### YOUR ASSIGNMENT
With the pictures set aside, write out all of the data exactly as it stands.

----- THE RECORDS -----

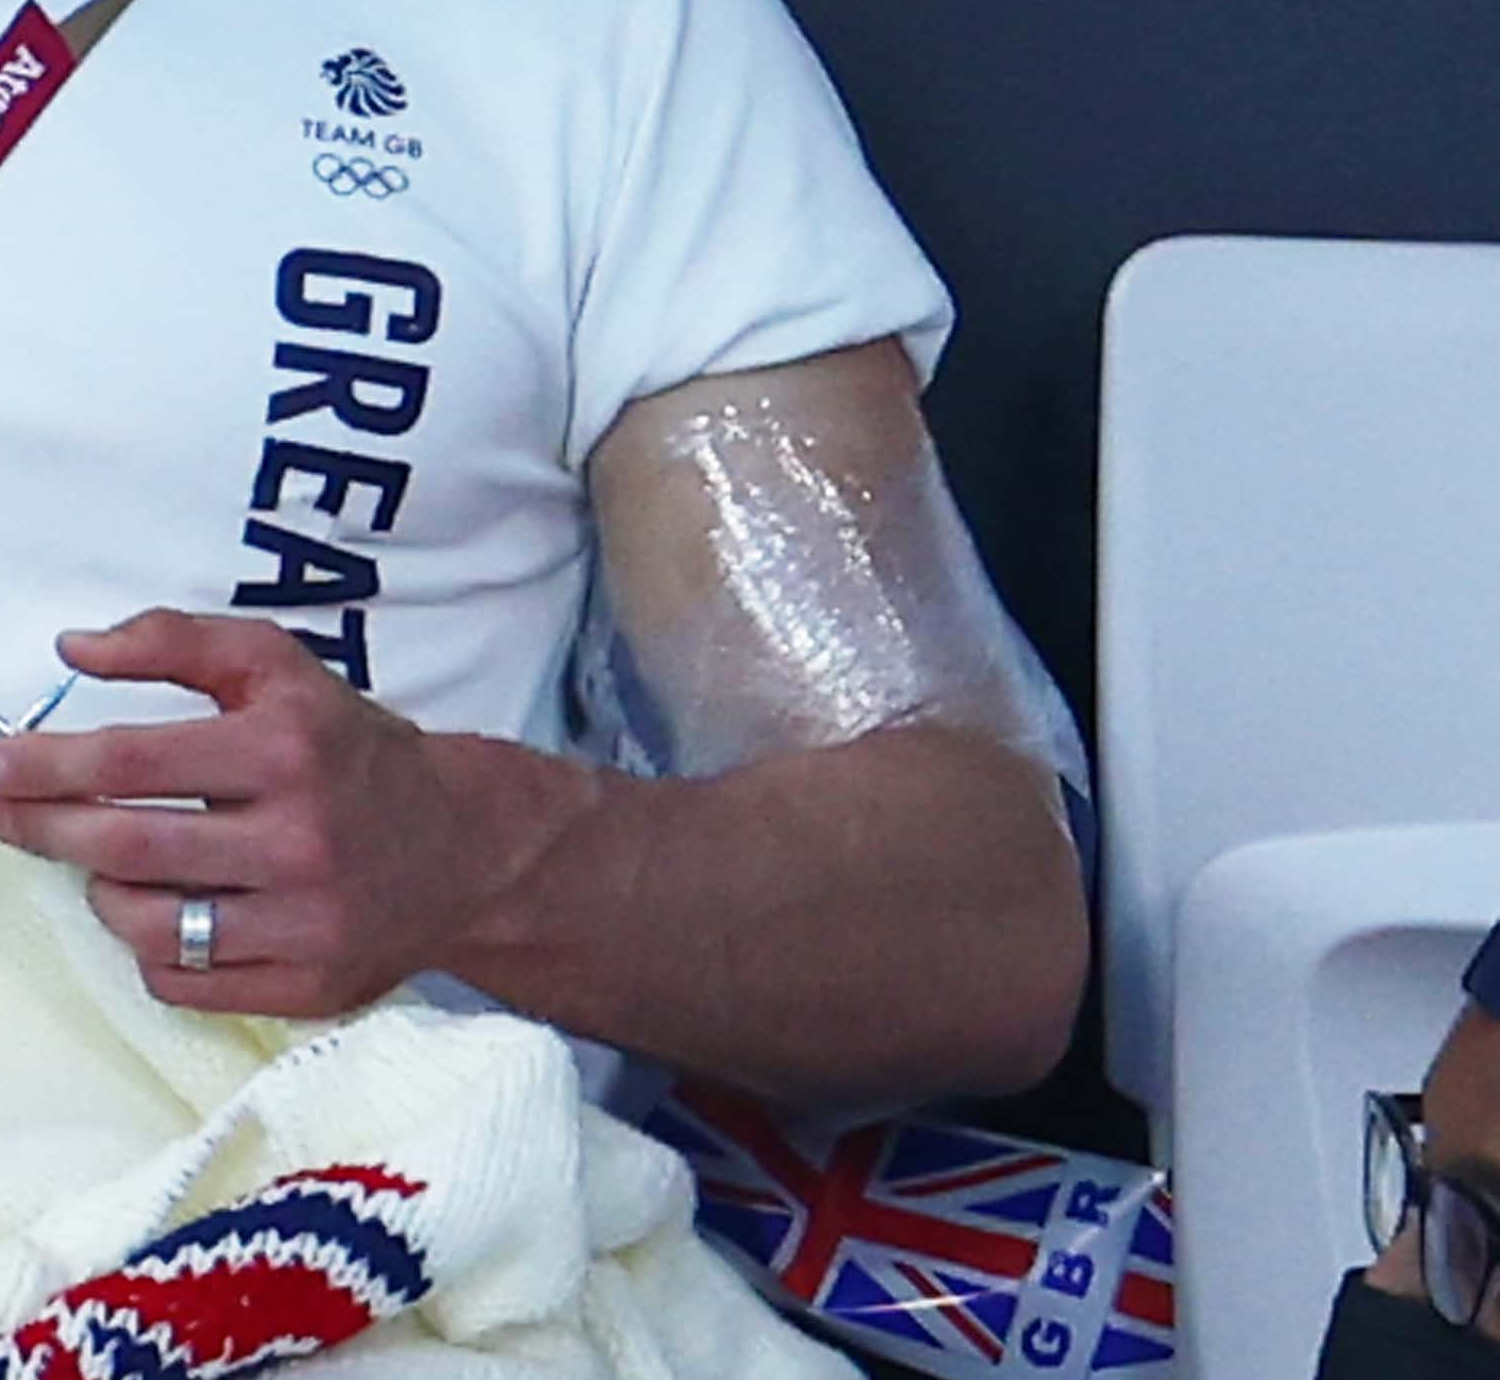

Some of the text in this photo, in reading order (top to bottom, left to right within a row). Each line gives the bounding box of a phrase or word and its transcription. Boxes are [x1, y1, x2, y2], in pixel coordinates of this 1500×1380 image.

[302, 118, 423, 160] TEAM GB
[1021, 1180, 1122, 1368] GBR
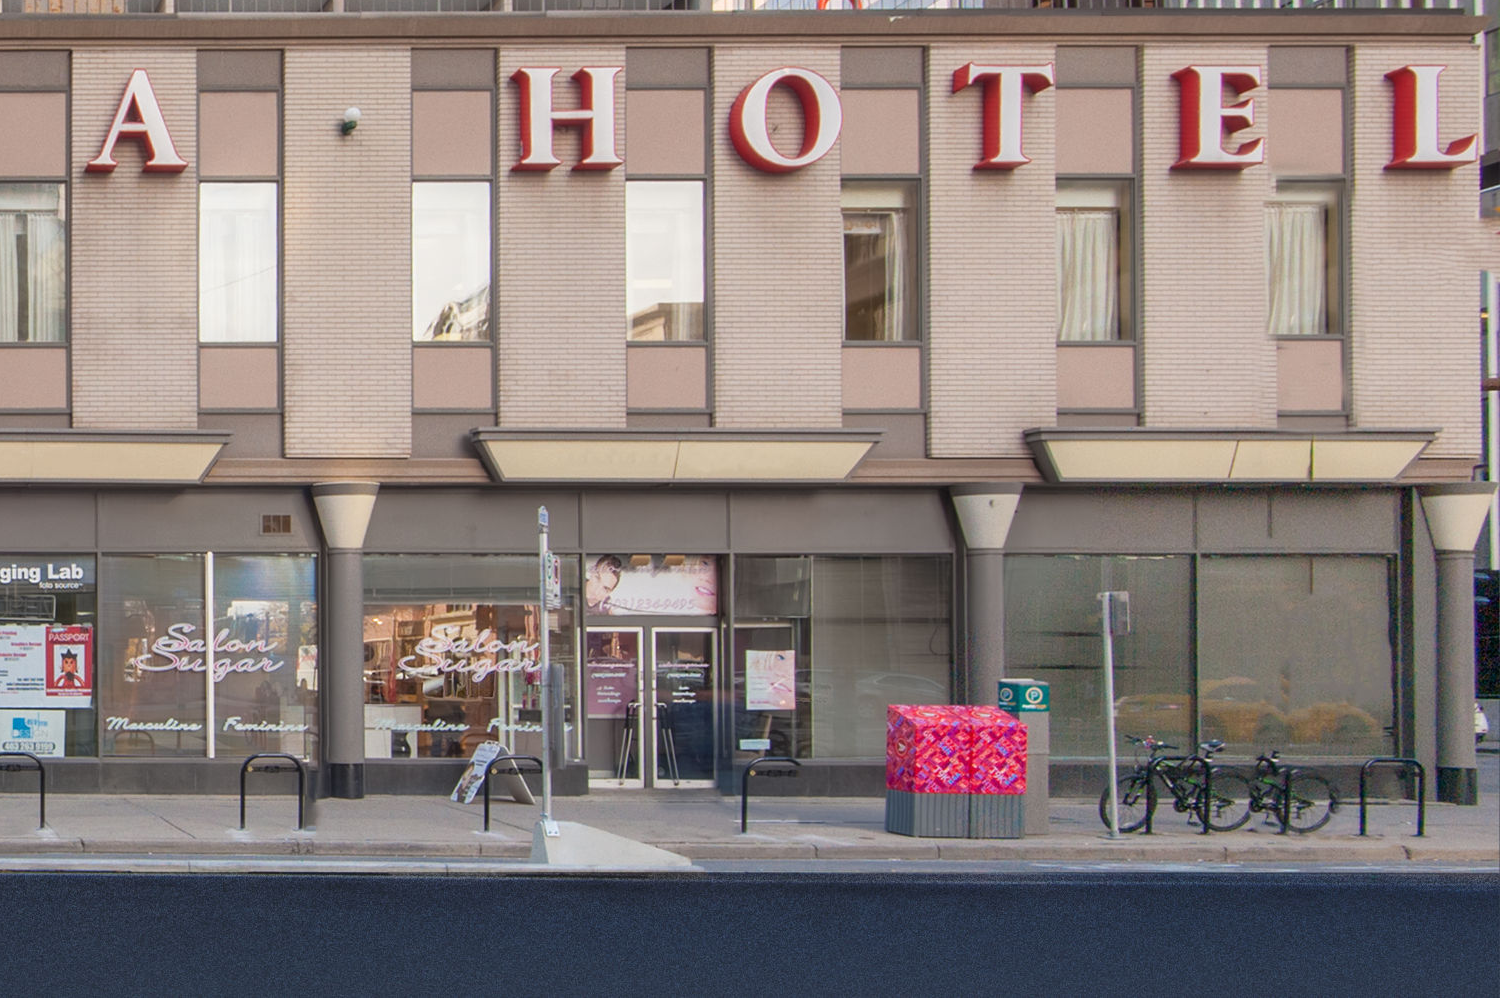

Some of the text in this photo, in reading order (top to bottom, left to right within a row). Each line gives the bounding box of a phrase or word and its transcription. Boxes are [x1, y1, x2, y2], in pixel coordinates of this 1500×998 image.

[509, 62, 1479, 174] HOTEL
[47, 563, 84, 580] Lab
[48, 633, 90, 642] PASSPORT
[154, 623, 278, 653] Salon
[415, 624, 539, 653] Salon
[135, 645, 284, 682] Sugar
[398, 644, 544, 682] Sugar
[106, 716, 309, 732] Masculine Feminine
[374, 717, 470, 732] Masculine
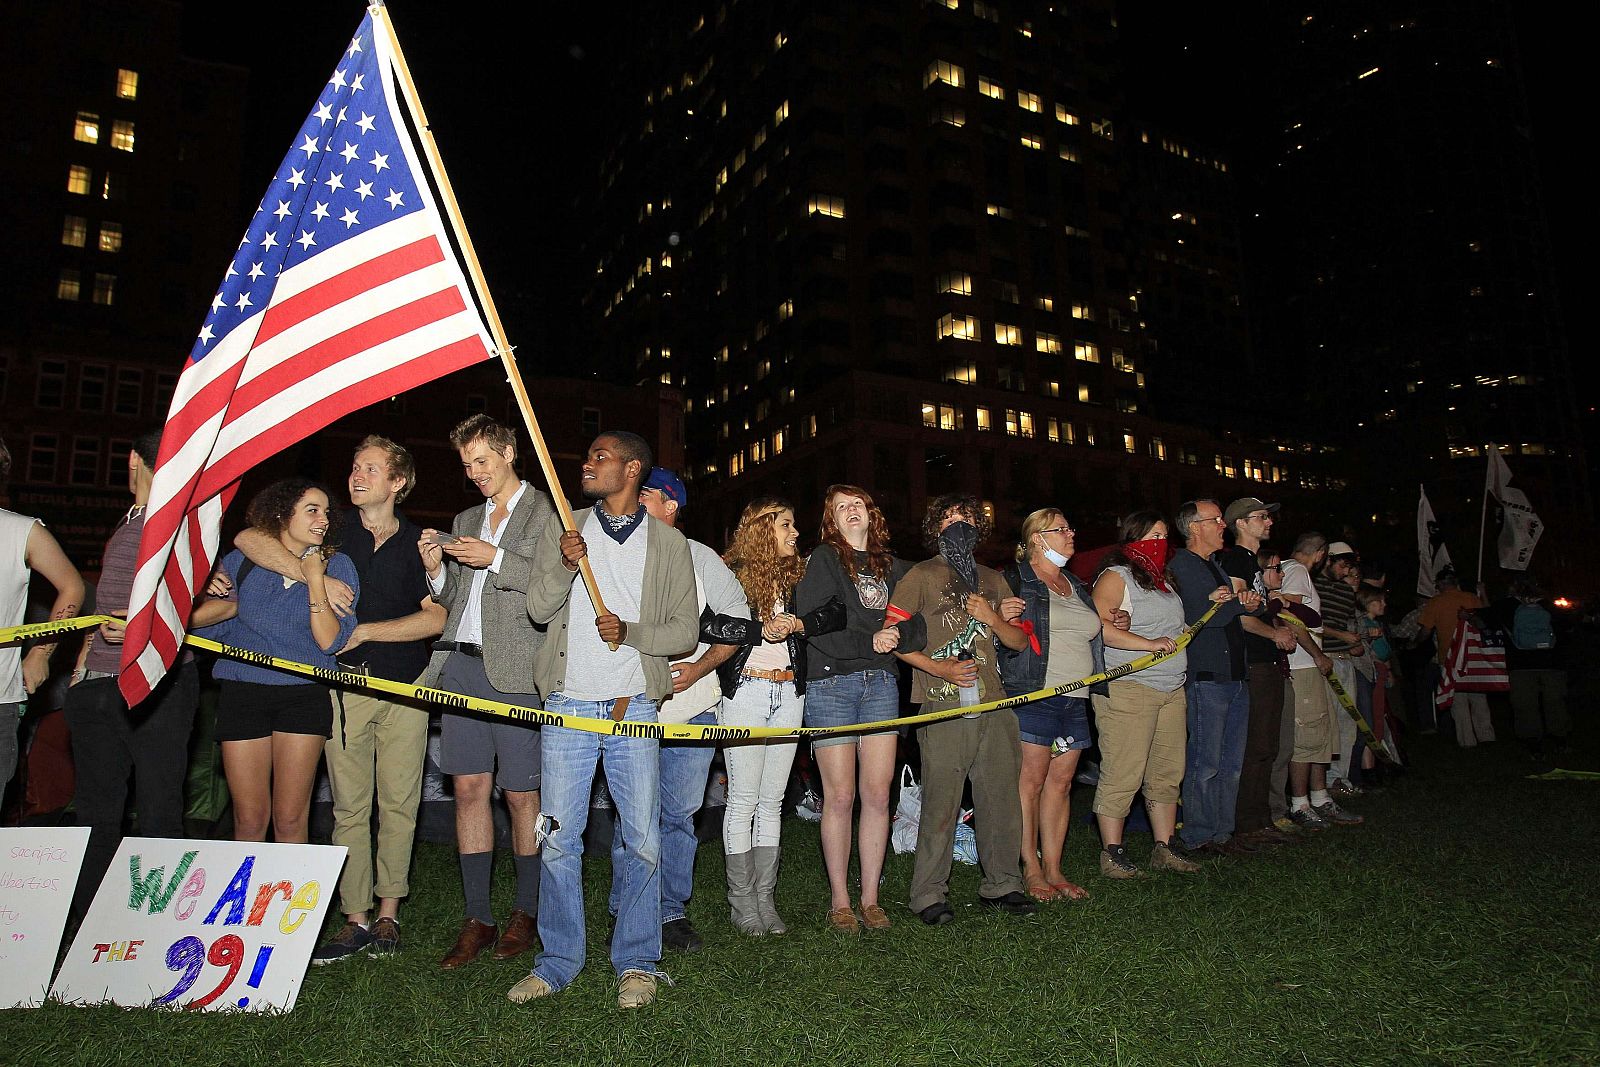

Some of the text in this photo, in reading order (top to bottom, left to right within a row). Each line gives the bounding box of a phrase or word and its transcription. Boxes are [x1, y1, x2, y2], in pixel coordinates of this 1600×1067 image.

[414, 688, 468, 709] CAUTION
[612, 723, 664, 739] CAUTION
[11, 846, 69, 865] sacrifice
[128, 851, 321, 935] We Are
[93, 940, 145, 963] THE

-----

### ANSWER SECTION
Some of the text in this photo, in reading order (top to bottom, left to right within a row). Each line gives the bounding box of a phrase or word and its transcription. Boxes are [x1, y1, x2, y2], in pixel coordinates of this 1500×1380 image.

[302, 118, 423, 160] TEAM GB
[1021, 1180, 1122, 1368] GBR

Some of the text in this photo, in reading order (top to bottom, left to right within a row). Each line gives the bounding box of a phrase or word and its transcription. Boxes are [x1, y1, x2, y2], in pixel coordinates of this 1500×998 image.

[509, 62, 1479, 174] HOTEL
[47, 563, 84, 580] Lab
[48, 633, 90, 642] PASSPORT
[154, 623, 278, 653] Salon
[415, 624, 539, 653] Salon
[135, 645, 284, 682] Sugar
[398, 644, 544, 682] Sugar
[106, 716, 309, 732] Masculine Feminine
[374, 717, 470, 732] Masculine

Some of the text in this photo, in reading order (top to bottom, left to right within a row). Each line gives the bounding box of a phrase or word and its transcription. Boxes are [x1, y1, x2, y2], in pixel coordinates of this 1600×1067 image.

[414, 688, 468, 709] CAUTION
[612, 723, 664, 739] CAUTION
[11, 846, 69, 865] sacrifice
[128, 851, 321, 935] We Are
[93, 940, 145, 963] THE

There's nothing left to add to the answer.